Primary and secondary CNS vasculitis

CNS vasculitis often affects previously healthy patients. If the inflammation solely targets the blood vessels of the brain and/or spinal cord in these patients, the disease is then referred to as primary CNS vasculitis or Primary Angiitis of the CNS (PACNS). 

All patients require a careful assessment for an associated systemic illness such as an infection, rheumatic disease or malignancy. Patients who develop CNS vasculitis in the context of an underlying illness are considered to have Secondary CNS Vasculitis.  

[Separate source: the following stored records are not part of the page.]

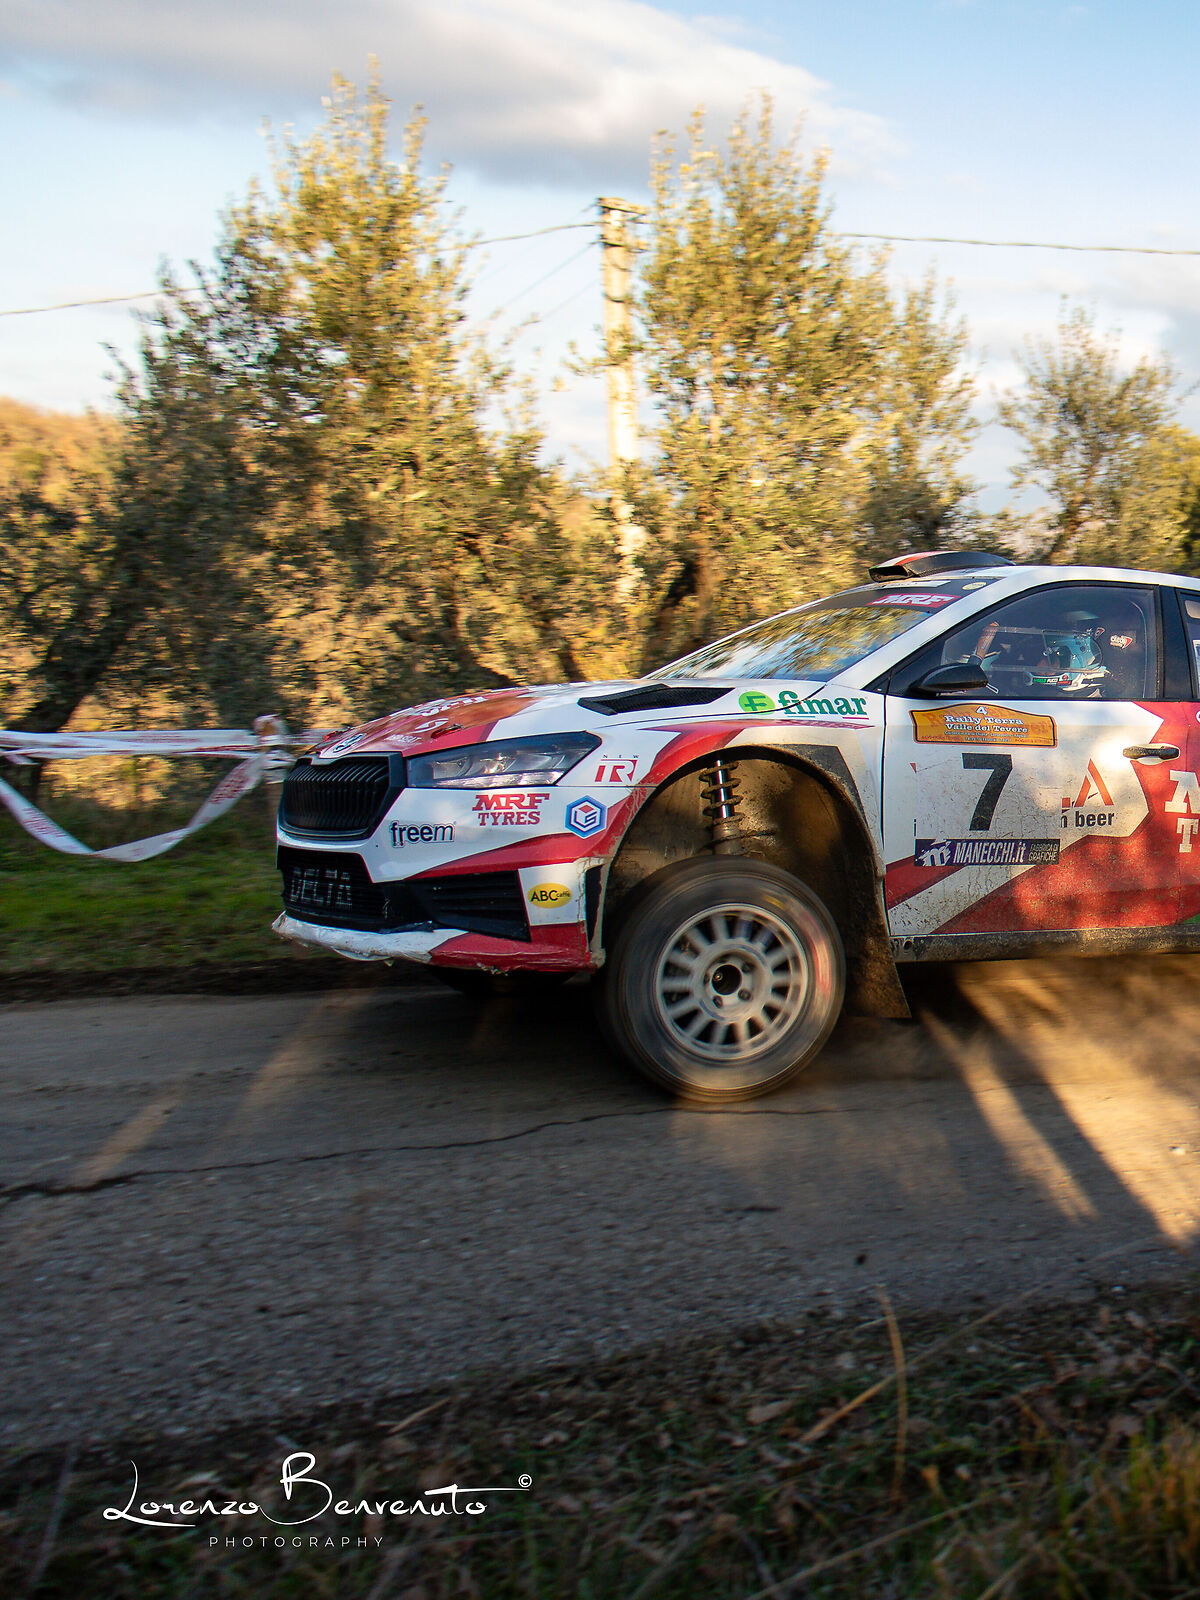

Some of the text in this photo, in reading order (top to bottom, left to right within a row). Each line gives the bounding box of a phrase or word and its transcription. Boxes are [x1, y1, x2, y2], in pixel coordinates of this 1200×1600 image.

[778, 690, 868, 716] fimar
[944, 715, 1024, 725] Rally Terra
[945, 723, 973, 731] Valle
[992, 725, 1028, 733] Tevere
[962, 753, 1013, 831] 7
[472, 793, 550, 811] MRF
[478, 811, 541, 826] TYRES
[1075, 811, 1114, 827] beer
[390, 820, 455, 847] freem
[953, 842, 1026, 864] MANECCHI.it
[531, 890, 558, 902] ABC
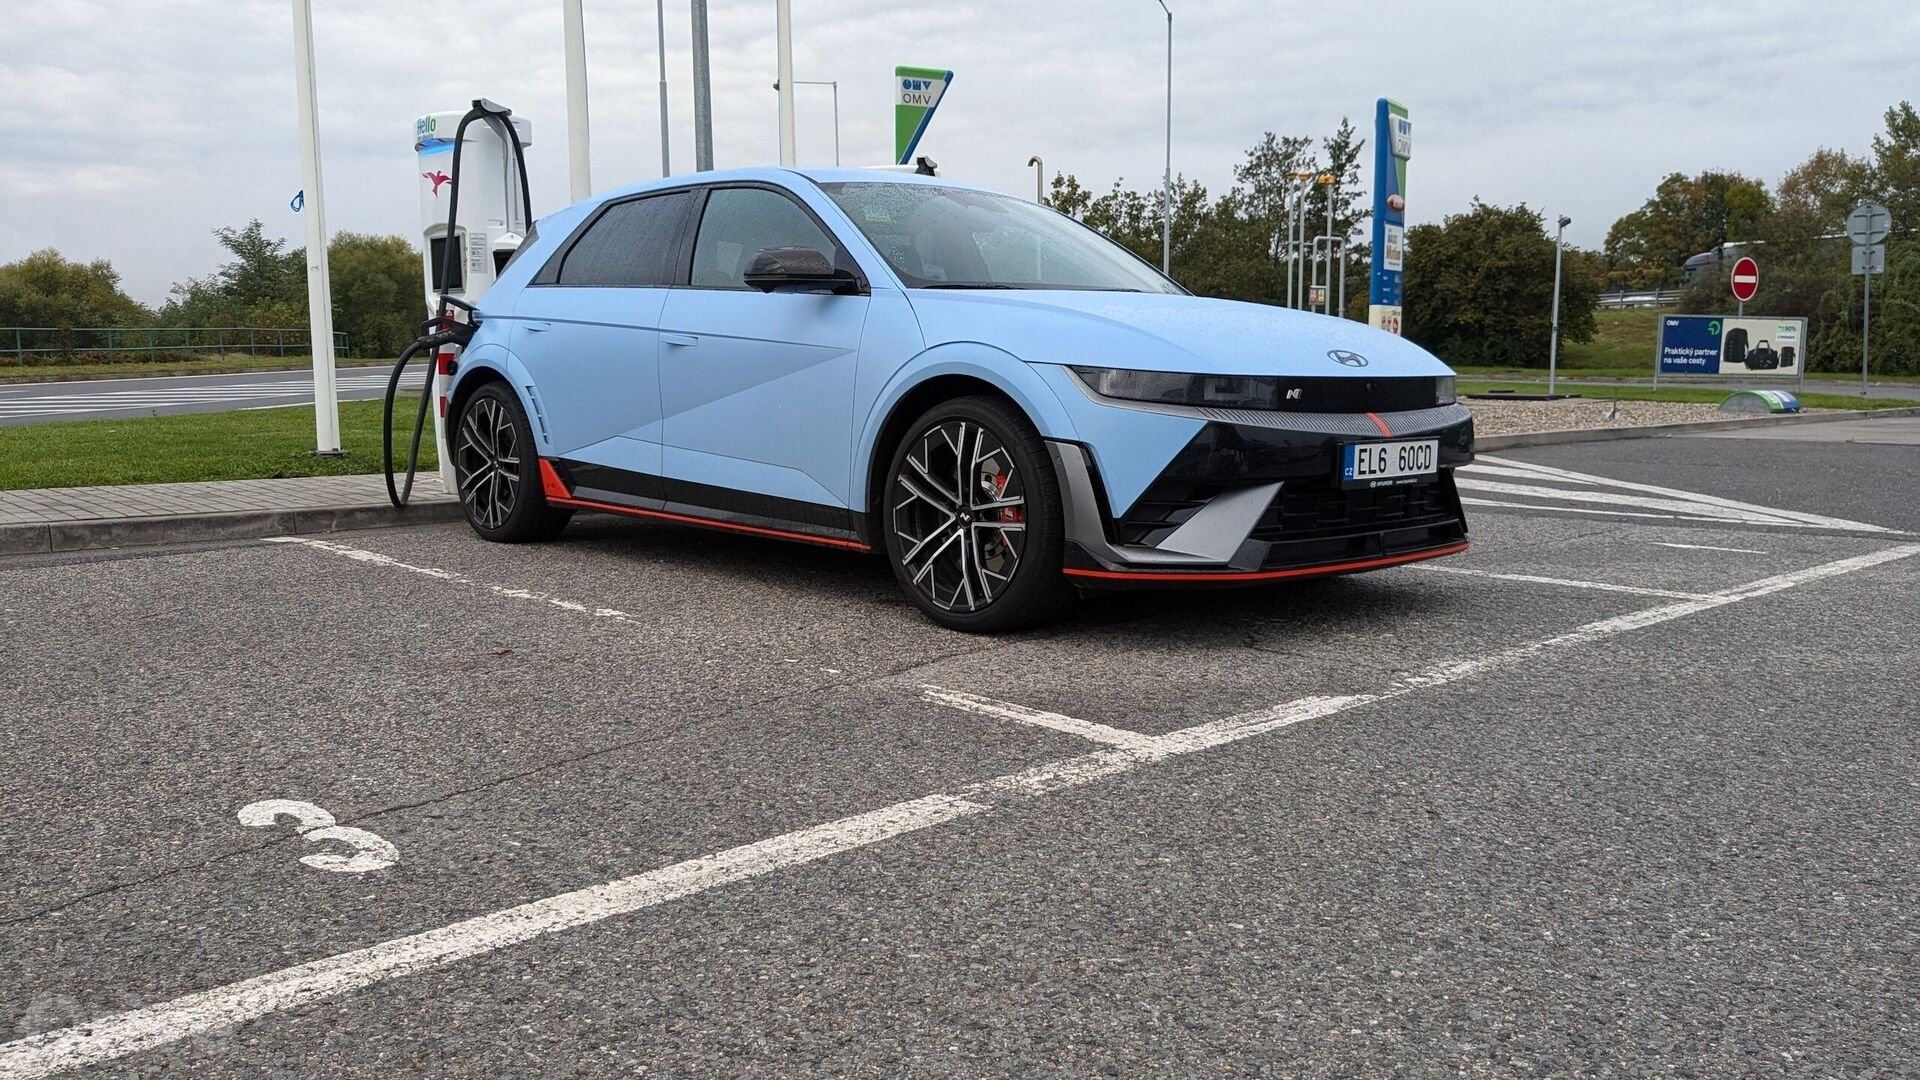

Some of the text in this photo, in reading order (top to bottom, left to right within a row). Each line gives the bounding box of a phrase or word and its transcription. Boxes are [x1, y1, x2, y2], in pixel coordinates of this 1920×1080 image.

Diagnosing CNS Vasculitis: Calabrese Criteria

The diagnosis of primary CNS vasculitis requires:

  • A newly acquired focal or diffuse neurological deficit and/or psychiatric symptom plus
  • Angiographic and/or brain biopsy evidence of CNS vasculitis in the absence of an underlying systemic condition known to cause or mimic the findings

Patients are diagnosed with secondary CNS vasculitis if they have evidence of:

  • Any newly acquired focal and/or diffuse neurological and/or psychiatric deficit plus
  • Angiography and/or brain biopsy evidence of CNS vasculitis in the presence of an underlying systemic condition such as an infection, rheumatic disease

Secondary CNS vasculitis can be caused by a large number of underlying conditions. Infection is the most common cause for secondary CNS vasculitis. A thorough evaluation for an underlying systemic condition is required when a patient presents with newly acquired neurological and/or psychiatric deficit. 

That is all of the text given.